# i got my first trad. kill this mornin in the rain



## TIMBO1985 (Sep 18, 2012)




----------



## revrandyf (Sep 18, 2012)

Congratulations - that's cool!


----------



## Shane Whitlock (Sep 18, 2012)

good job


----------



## Jayin J (Sep 18, 2012)

WTG man, that's awesome!


----------



## gurn (Sep 18, 2012)

And ah fine first kill it is! Tell us about your set up.


----------



## dm/wolfskin (Sep 18, 2012)

mike


----------



## jerry russell (Sep 18, 2012)

Good for you. That is a big deal!


----------



## ngabowhunter (Sep 18, 2012)

Man that's awesome. You didn't waste any time. If I'm not mistaken you just started shooting traditional less than a month ago. It took me over three years to get a deer with mine. Congrats!!!!!!


----------



## tony2001577 (Sep 18, 2012)

Nice !!! Congrats !


----------



## Dennis (Sep 18, 2012)

Great job


----------



## rapid fire (Sep 18, 2012)

Shoot yeah.  That's what I'm talking about.


----------



## sawtooth (Sep 18, 2012)

congratulations! that is something right there. Now, I want to hear the story....


----------



## snook24 (Sep 18, 2012)

Very nice!


----------



## TNGIRL (Sep 18, 2012)

WTG!!!!!! you made the wet weather work for you!!!!!!


----------



## TIMBO1985 (Sep 18, 2012)

i got off work this mornin at 7 and it was floodin i started to just go to the house , but sometin keept tellin me go get in the stand , i was on the dirt rd about a mile from the house almost at thehuntin club gate 3 deer cross the rd so i decided to go climb in the rain , i got in the stand and every thing situated by 7 35 , and i was on my phone lookinat the bow huntin forum i look to my left and he was rite there about 20 yrd comin srait to me , i laid the phone down he came rite up under me and stopped , he stayed there for about a min and turned and went behind me turned broad side at 12 yrds i had to turn around to get a shot he heard me up there but he froze long enough for me to draw back pick my spot and let her fly he ran about 75 yrds and pilled up i was about to pass out i never had a rush like that ever in my life , i knew i was hooked on trad. huntin b4 this mornin but i deff. know it now , i thank GOD every time i get a chance to hunt if it werent for him none of this would be possible , thank you every body for the kind words


----------



## Blueridge (Sep 18, 2012)

congrats


----------



## TIMBO1985 (Sep 18, 2012)




----------



## Jake Allen (Sep 18, 2012)

Man that is just awesome! 
I am proud for you!
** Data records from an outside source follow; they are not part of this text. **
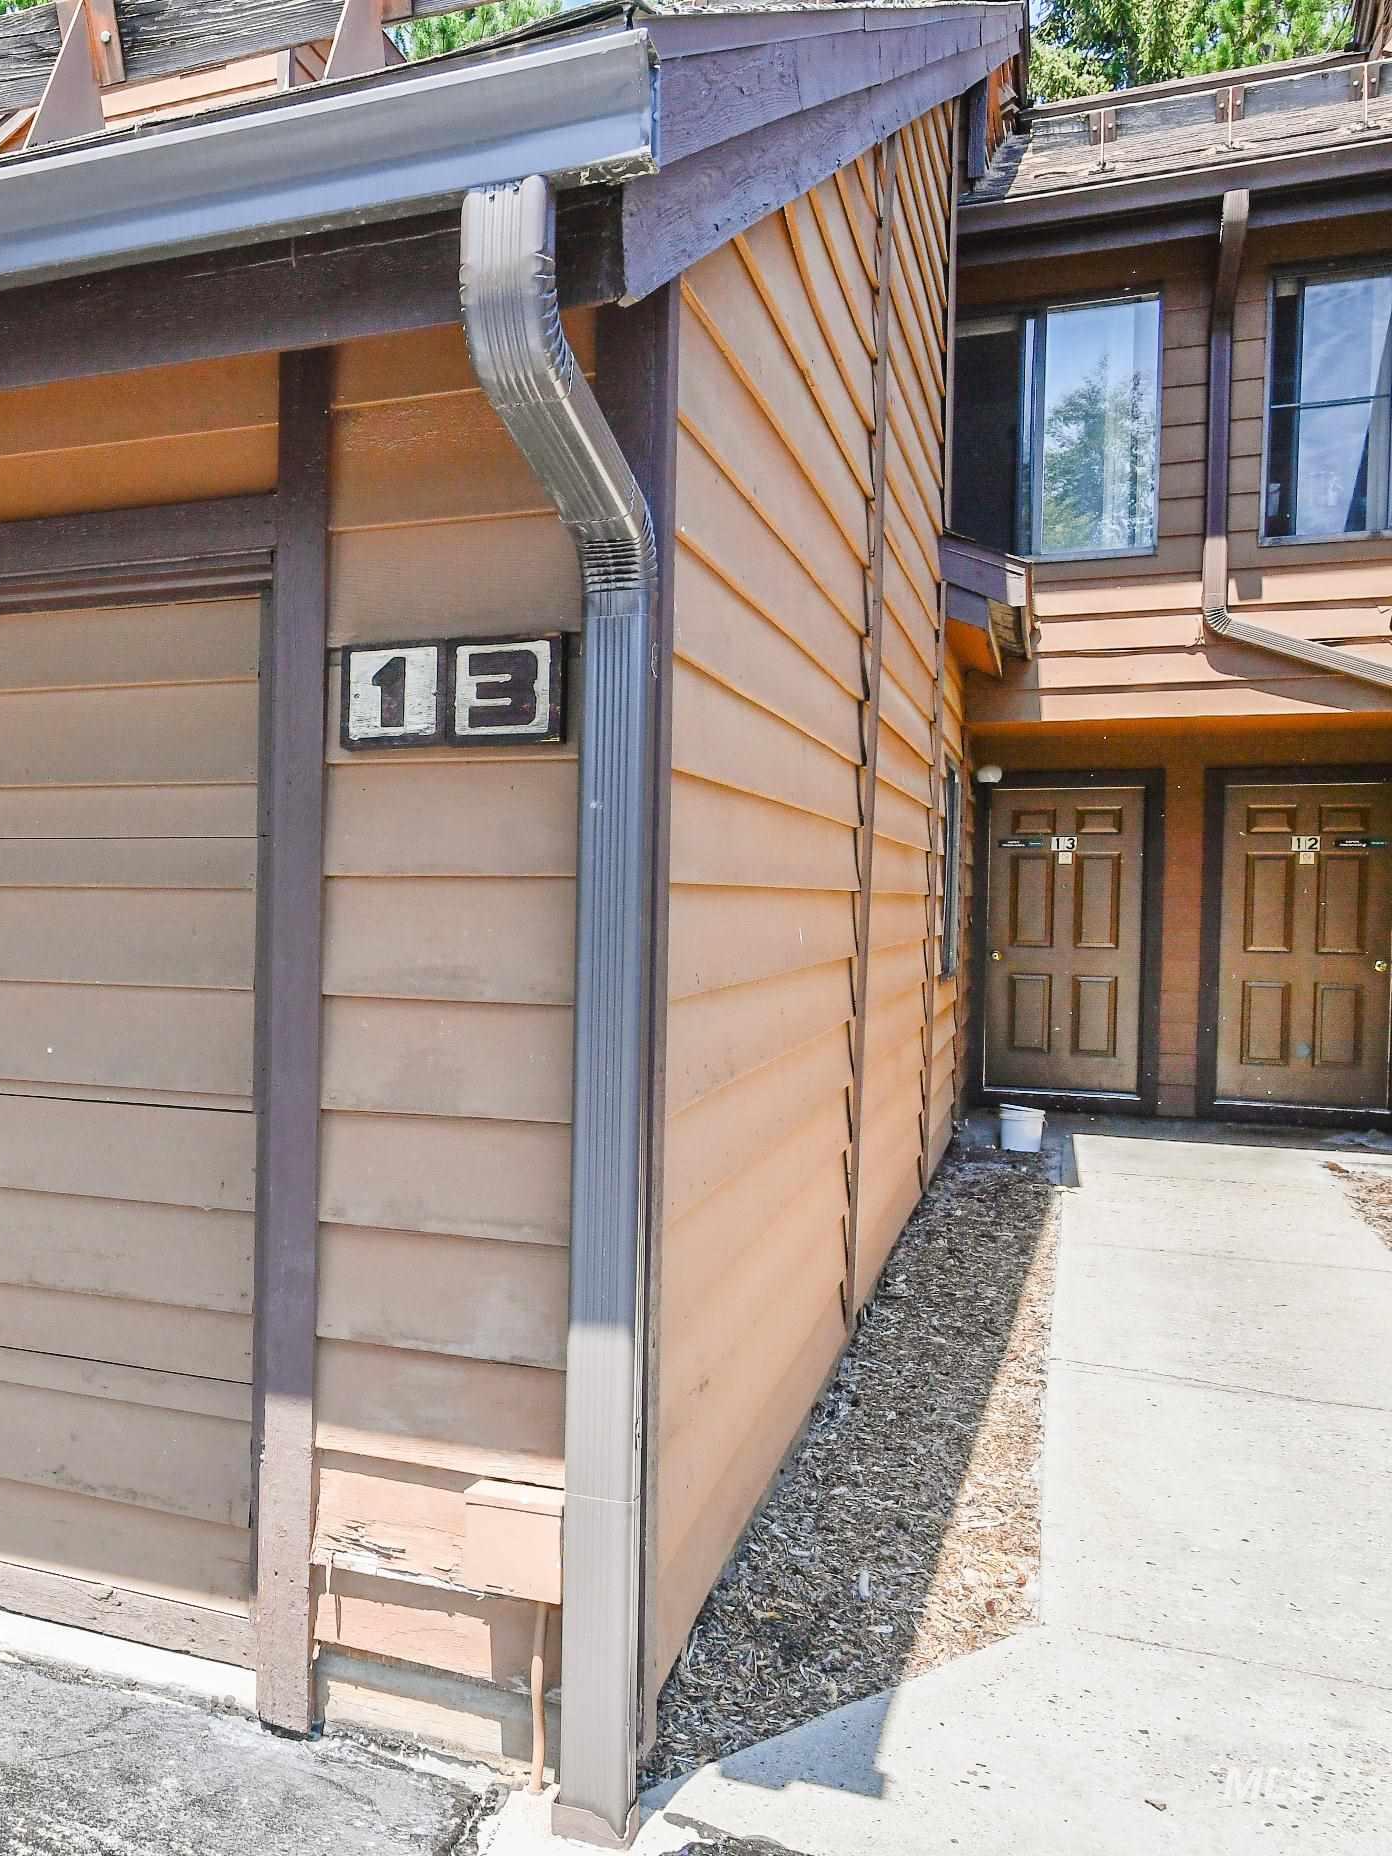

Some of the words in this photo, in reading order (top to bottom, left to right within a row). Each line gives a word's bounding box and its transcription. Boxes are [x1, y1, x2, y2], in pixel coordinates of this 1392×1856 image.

[371, 649, 539, 729] 13
[1055, 837, 1076, 850] 13
[1296, 837, 1319, 850] 12
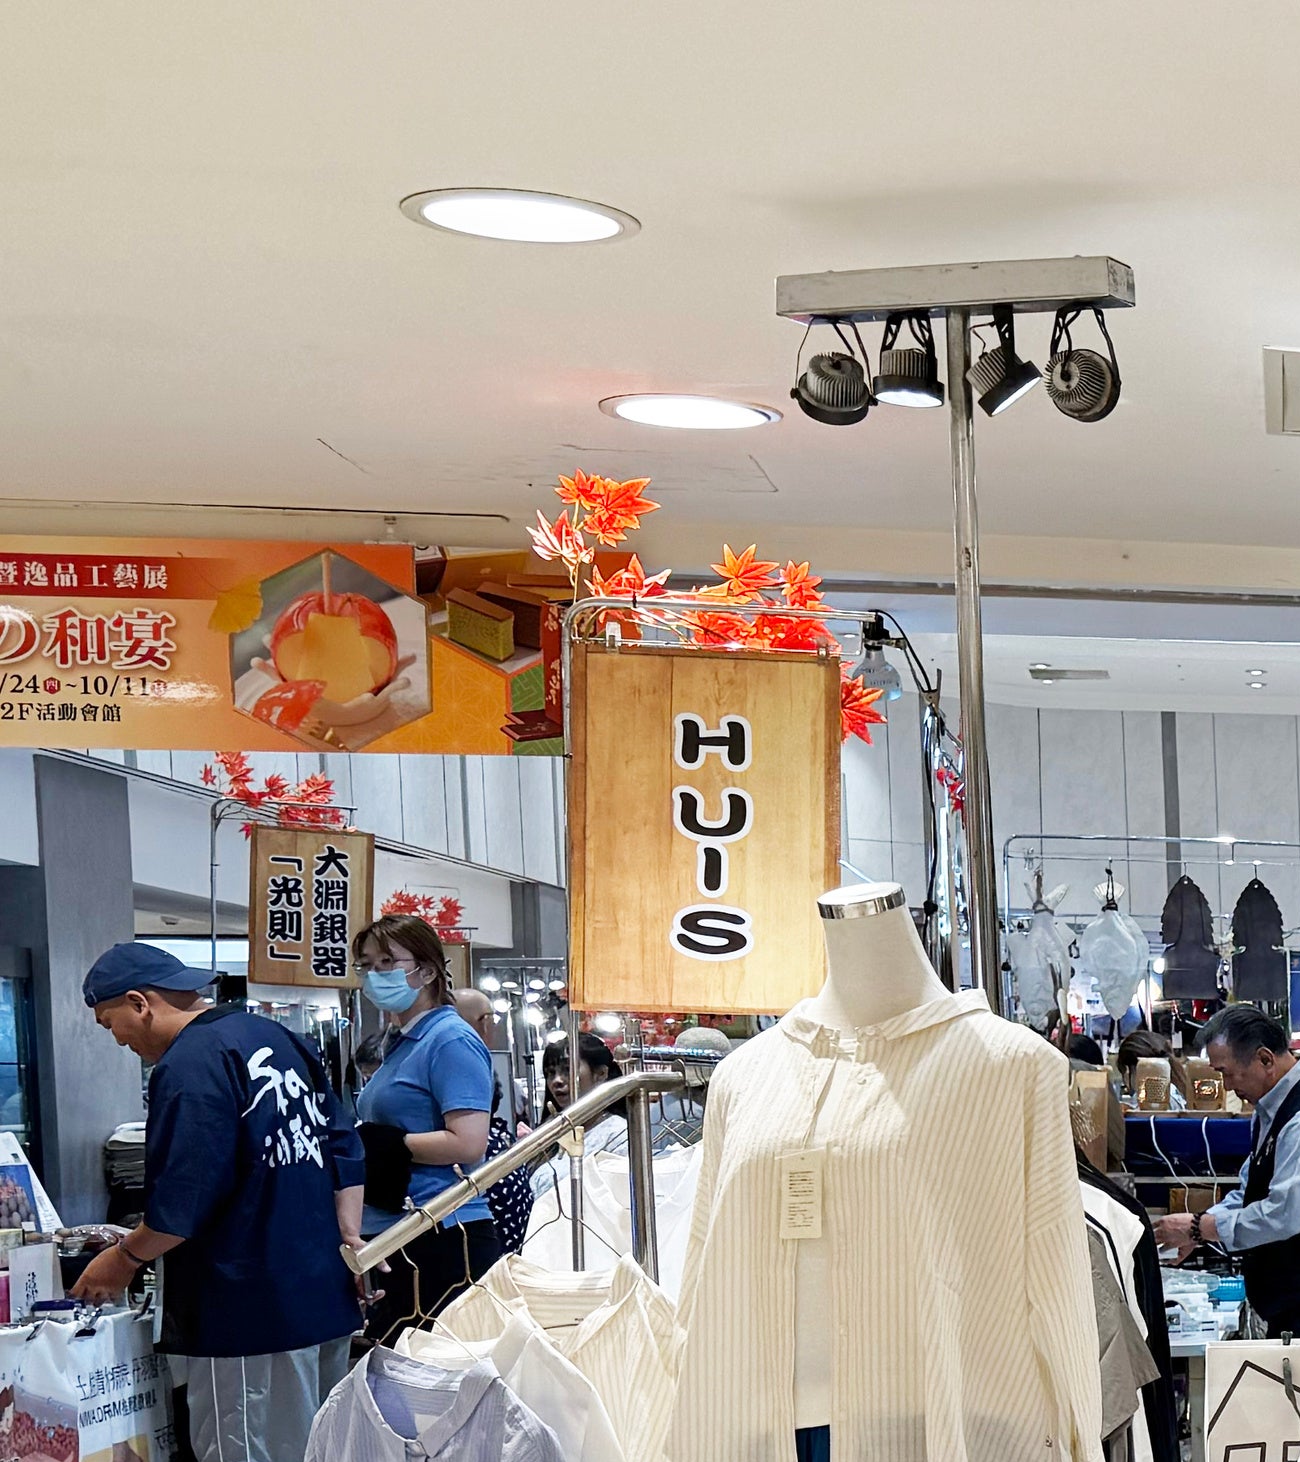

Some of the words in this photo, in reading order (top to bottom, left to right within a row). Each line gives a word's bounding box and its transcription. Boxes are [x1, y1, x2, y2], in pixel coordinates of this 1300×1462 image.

[312, 845, 349, 977] 大淵銀器
[672, 713, 753, 960] HUIS
Spoiled now I reckon.....ain't nothing to this stuff.
Good job, that is a fine deer.

Pretty heeler behind you in the first pic.


----------



## onemoretime (Sep 18, 2012)

way to go


----------



## TIMBO1985 (Sep 18, 2012)

thank you , the heeler is my rd. dog, she will bay a hog, tree coon and squirls and track deer, and drive me crazzy most of the time she is a muti tasker i gues you could say lol


----------



## PinkTC (Sep 18, 2012)

Congrats!!


----------



## TIMBO1985 (Sep 18, 2012)




----------



## longbowdave1 (Sep 18, 2012)

Great story and great job on yur first Trad Deer! Congrats.


----------



## Al33 (Sep 18, 2012)

AWESOME!!!! Congratulations on a mighty fine first!


----------



## belle&bows (Sep 18, 2012)

OH YEAH !!! Congrats!!


----------



## BkBigkid (Sep 18, 2012)

Congrats, It is always a great feeling on the first, but with trad that feeling always stays with you.


----------



## Michael F Sights (Sep 18, 2012)

Congrats!!!


----------



## TIMBERGHOST (Sep 18, 2012)

Great story.  Congrats! 

Wish I could see the pix.  My work computer won't let me open them in this format.


----------



## eman1885 (Sep 18, 2012)

Awesome!


----------



## johnweaver (Sep 18, 2012)

Way to get it done!!!  Thats a fine buck in anyones book!!!


----------



## whossbows (Sep 18, 2012)

nicin


----------



## SELFBOW (Sep 18, 2012)

Congrats!


----------



## Longstreet1 (Sep 18, 2012)

Congrats, that is a nice buck


----------



## hogdgz (Sep 18, 2012)

Congrats man!!! I love the dark horns.


----------



## Recurve (Sep 18, 2012)

Congrats,nice deer.


----------



## FMBear (Sep 18, 2012)

Great photos and stories!  Congrats!


----------



## dutchman (Sep 18, 2012)

Mighty fine!


----------



## Clipper (Sep 18, 2012)

Hunting in the rain in spite of the odds paid off for you.  Congratulations.  You are hooked now.


----------



## DaddyPaul (Sep 19, 2012)

Jealous.  Congrats!


----------



## dpoole (Sep 19, 2012)

congrat !!!!


----------



## Bucky T (Sep 19, 2012)

That's awesome!!!!

Congrats!!


----------



## GrayG (Sep 19, 2012)

That's one you'll never forget


----------



## OconeeDan (Sep 19, 2012)

Congratulations, that is a fine buck!


----------



## Knee Deep (Sep 19, 2012)

Congrats man!!


----------



## kmaxwell3 (Sep 19, 2012)

TIMBO1985 said:


>



Good job. Great pic by the way!


----------



## Jeff Roark (Sep 19, 2012)

nice one for sure.


----------



## SOS (Sep 22, 2012)

Nothing better than that first trad deer!  And a good shot builds that confidence.  Fine deer, fine job!


----------



## robert carter (Sep 23, 2012)

Great job.Thanks for the pic now I remember what one looks like. deer are hiding purty good around here now.lol.RC


----------



## Chris Horsman (Sep 24, 2012)

Awesome deer. In the picture of your buck with the arrow sticking out does the arrow look to be at a funny angle to you? Maybe from the way the picture was taken it looks like the arrow is angling up. Goes to show perception is a funny thing. Don`t mean anything by it just curious.


----------



## NavyDave (Sep 24, 2012)




----------



## TIMBO1985 (Sep 24, 2012)

yea it does look funny, the deer ran through some wait a min. vines and it broke the arrow and it was hangin down, i have had alot of people ask me if i was huntin on the ground or on a mountian and he was on the up hill side lol, bt i was about 20 ft up a tree on level ground caint wait  for number 2


----------



## Skunkhound (Sep 25, 2012)

Great job , that really is an awesome first. You really set the bar high.


----------



## chenryiv (Sep 25, 2012)

congrats!!


----------



## ChrisSpikes (Sep 25, 2012)

Good deal!


----------



## Tailfeather (Sep 25, 2012)

Congrats!!


----------



## Chris Horsman (Sep 25, 2012)

Kewl beans, man. Freaky picture, sure enuff.


----------